Бабл-гам | Страница: 22

  • Georgia
  • Verdana
  • Tahoma
  • Symbol
  • Arial
16
px

— Нет. Ничего похожего на Жюли.

— Модель-полиглотка? Роскошная телка с огромным сердцем?

— Нет, нет. Ее зовут Манон, ей двадцать один год. Она из деревушки на юге Франции. Я подобрал ее на закрытом показе «Суперзвезд», она пыталась подкатиться к Леонардо.

— Ресторанная актерка? Несостоявшаяся модель?

— Вроде того.

— А с тобой она почему? За бабки?

— Это ты сказал, не я.

— А тебя не трогает, что ли? — спрашивает он.

— Нет, — говорю я, — а почему это меня должно трогать?

— Она же шлюха, старик.

— Думаешь? Да нет, просто человек пытается осуществить свою мечту.

— Дерек, я тебя знаю, ты что-то скрываешь.

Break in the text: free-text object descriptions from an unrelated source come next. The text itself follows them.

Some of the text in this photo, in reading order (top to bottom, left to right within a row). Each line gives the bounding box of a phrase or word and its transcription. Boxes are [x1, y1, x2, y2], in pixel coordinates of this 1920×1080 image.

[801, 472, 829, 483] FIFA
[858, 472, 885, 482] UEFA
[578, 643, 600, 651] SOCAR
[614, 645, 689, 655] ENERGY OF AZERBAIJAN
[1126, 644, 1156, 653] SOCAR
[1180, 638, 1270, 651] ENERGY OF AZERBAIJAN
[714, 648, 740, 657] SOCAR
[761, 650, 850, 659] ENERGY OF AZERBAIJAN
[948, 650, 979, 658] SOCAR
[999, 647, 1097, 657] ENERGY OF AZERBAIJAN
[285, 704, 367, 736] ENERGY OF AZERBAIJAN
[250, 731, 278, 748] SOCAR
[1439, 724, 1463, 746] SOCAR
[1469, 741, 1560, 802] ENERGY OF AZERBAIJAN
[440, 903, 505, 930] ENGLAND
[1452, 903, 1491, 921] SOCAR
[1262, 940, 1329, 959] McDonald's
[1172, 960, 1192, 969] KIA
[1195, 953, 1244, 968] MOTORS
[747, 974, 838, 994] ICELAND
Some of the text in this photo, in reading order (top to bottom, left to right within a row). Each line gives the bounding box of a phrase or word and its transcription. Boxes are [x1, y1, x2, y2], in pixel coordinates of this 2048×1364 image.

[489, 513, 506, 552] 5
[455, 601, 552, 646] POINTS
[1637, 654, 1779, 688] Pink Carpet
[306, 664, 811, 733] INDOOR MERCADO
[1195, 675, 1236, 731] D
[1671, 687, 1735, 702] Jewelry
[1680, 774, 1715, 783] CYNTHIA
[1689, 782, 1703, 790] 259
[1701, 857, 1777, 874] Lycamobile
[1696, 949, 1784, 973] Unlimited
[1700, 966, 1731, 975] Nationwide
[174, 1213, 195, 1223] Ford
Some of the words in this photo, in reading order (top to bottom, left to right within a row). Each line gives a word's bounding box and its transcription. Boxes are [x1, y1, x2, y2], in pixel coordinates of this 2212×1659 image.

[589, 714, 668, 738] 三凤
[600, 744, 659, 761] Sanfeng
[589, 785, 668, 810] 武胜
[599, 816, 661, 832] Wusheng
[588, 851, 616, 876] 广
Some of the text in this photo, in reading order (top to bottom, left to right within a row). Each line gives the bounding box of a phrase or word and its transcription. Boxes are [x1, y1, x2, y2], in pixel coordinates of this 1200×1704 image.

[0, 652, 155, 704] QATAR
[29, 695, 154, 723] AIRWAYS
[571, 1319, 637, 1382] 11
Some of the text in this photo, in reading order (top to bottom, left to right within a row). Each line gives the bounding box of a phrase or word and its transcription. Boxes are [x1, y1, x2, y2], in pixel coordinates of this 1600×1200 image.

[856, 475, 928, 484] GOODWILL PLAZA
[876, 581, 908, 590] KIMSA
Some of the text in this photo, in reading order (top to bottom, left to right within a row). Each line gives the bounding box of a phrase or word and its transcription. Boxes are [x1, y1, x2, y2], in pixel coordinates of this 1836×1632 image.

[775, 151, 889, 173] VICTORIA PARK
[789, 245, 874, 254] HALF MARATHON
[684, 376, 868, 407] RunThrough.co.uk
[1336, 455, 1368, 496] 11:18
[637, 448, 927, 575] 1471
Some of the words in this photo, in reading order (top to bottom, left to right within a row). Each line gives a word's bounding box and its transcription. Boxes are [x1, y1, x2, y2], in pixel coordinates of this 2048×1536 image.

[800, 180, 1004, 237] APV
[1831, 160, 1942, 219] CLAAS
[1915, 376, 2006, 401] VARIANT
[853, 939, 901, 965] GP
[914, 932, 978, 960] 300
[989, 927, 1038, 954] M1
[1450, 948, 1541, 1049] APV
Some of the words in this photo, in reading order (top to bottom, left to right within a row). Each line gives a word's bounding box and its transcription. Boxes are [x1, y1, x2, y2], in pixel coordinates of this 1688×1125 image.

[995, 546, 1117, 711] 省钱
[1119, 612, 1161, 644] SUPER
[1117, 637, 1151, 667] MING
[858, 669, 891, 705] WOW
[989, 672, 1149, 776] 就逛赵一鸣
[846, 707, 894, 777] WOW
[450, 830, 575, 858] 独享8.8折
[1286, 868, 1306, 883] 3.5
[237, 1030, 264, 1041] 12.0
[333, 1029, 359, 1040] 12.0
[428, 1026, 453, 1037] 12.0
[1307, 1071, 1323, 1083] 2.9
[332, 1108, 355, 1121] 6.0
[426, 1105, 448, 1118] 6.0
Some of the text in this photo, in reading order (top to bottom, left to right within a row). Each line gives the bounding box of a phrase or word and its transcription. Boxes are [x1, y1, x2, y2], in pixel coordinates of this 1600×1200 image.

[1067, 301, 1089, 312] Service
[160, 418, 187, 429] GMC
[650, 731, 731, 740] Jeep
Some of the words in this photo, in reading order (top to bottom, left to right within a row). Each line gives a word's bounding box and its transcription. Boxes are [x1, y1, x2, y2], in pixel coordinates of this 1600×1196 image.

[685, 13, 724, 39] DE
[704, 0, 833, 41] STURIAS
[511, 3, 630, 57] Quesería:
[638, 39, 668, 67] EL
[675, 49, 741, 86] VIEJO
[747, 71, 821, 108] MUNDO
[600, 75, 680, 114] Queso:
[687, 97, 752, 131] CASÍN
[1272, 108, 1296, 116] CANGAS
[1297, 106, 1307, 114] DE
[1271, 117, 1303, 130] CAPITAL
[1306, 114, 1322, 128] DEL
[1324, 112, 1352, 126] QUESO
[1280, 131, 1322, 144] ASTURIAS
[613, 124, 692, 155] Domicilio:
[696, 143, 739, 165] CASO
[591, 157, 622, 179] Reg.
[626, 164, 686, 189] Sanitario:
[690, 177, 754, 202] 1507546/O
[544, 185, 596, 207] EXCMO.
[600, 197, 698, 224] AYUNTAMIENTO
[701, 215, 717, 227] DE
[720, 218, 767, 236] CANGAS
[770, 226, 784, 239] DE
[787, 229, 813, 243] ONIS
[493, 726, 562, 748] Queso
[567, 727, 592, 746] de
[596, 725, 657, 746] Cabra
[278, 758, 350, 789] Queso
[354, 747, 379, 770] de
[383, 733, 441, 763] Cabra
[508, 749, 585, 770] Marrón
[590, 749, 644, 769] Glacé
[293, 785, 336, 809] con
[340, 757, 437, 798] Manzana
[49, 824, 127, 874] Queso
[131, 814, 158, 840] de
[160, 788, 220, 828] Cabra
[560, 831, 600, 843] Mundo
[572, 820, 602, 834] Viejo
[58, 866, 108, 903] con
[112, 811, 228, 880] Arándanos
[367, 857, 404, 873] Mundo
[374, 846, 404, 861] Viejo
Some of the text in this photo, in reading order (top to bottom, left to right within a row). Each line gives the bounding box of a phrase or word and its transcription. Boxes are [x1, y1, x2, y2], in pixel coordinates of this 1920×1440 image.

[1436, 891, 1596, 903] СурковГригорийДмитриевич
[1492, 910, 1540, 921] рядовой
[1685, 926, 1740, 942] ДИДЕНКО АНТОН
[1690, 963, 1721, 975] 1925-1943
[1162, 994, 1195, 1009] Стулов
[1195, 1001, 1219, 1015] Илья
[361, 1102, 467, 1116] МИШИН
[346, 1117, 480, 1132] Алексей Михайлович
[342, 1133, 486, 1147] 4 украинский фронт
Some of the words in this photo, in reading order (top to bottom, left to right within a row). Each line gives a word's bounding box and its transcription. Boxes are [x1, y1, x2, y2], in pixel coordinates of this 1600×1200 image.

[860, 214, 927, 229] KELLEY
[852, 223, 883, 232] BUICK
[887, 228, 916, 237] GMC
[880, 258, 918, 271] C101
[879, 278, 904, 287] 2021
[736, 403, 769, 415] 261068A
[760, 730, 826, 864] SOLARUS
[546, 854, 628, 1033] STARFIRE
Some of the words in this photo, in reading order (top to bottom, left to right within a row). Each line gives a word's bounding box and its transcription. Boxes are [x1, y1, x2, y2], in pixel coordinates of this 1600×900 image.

Станислас видит меня насквозь, он, конечно и несмотря ни на что, единственный человек в мире — пока еще в этом мире, — который хорошо меня знает, я не могу и дальше лгать этому человеку, и меня вдруг охватывает порыв искренней нежности к нему — вот он сидит тут, напротив, дергается от нервного тика, молчаливый, потрепанный горьким опытом, гнусной жизнью, жизнью, как она есть, и, скажем так, неслабыми оплеухами, которые она ему надавала (разорение отца, безответная любовь к Жюли, к моей Жюли, уродство, доставшееся от природы), и нервно катает шарик из хлебного мякиша, спрашивая себя, почему, почему с самого детства у меня все получается лучше, чем у него, спрашивая себя, почему он всю жизнь так и будет неуклюжим приятелем Дерека Делано, красавчика миллиардера, немыслимо умного, невероятно чувствительного, всеми любимого, всеми уважаемого, которому все поклоняются и… нет, это некоторое преувеличение… в общем, пока эта мелкая сошка, этот вечно второй, этот лузер, которого я люблю с тех пор, как порвал его своим радиоуправляемым самолетом, куда более быстрым, чем его несчастная модель «Хеллкэта», все быстрее обстреливает меня, якобы не нарочно, микроскопическими хлебными шариками, я рассказываю ему, не особо понимая, что говорю, почему подобрал Манон, которая, к слову сказать, своим тягостным присутствием начинает слегка действовать мне на нервы, почему терплю это тягостное присутствие и какую готовлю извращенно-жестокую штуку, чтобы превратить это невинное дитя — не такое уж невинное, выгнала меня вчера вечером из своей койки, из моей койки, мерзавка, — в последнюю шваль, в жалкую развалину вроде нас, и какой психологический интерес вызывает у меня этот необычный эксперимент, и какой упоительной дрожью отзывается во мне тот факт, что я в этой истории рискую собой гораздо больше, чем мне казалось вначале, но он догадывается, и я догадываюсь, что он догадывается, что моя отмазка хромает, что я лишь ищу оправдания своему безумию, разрушительному и кровавому, и делаю я все это потому, что просто-напросто СПЯТИЛ.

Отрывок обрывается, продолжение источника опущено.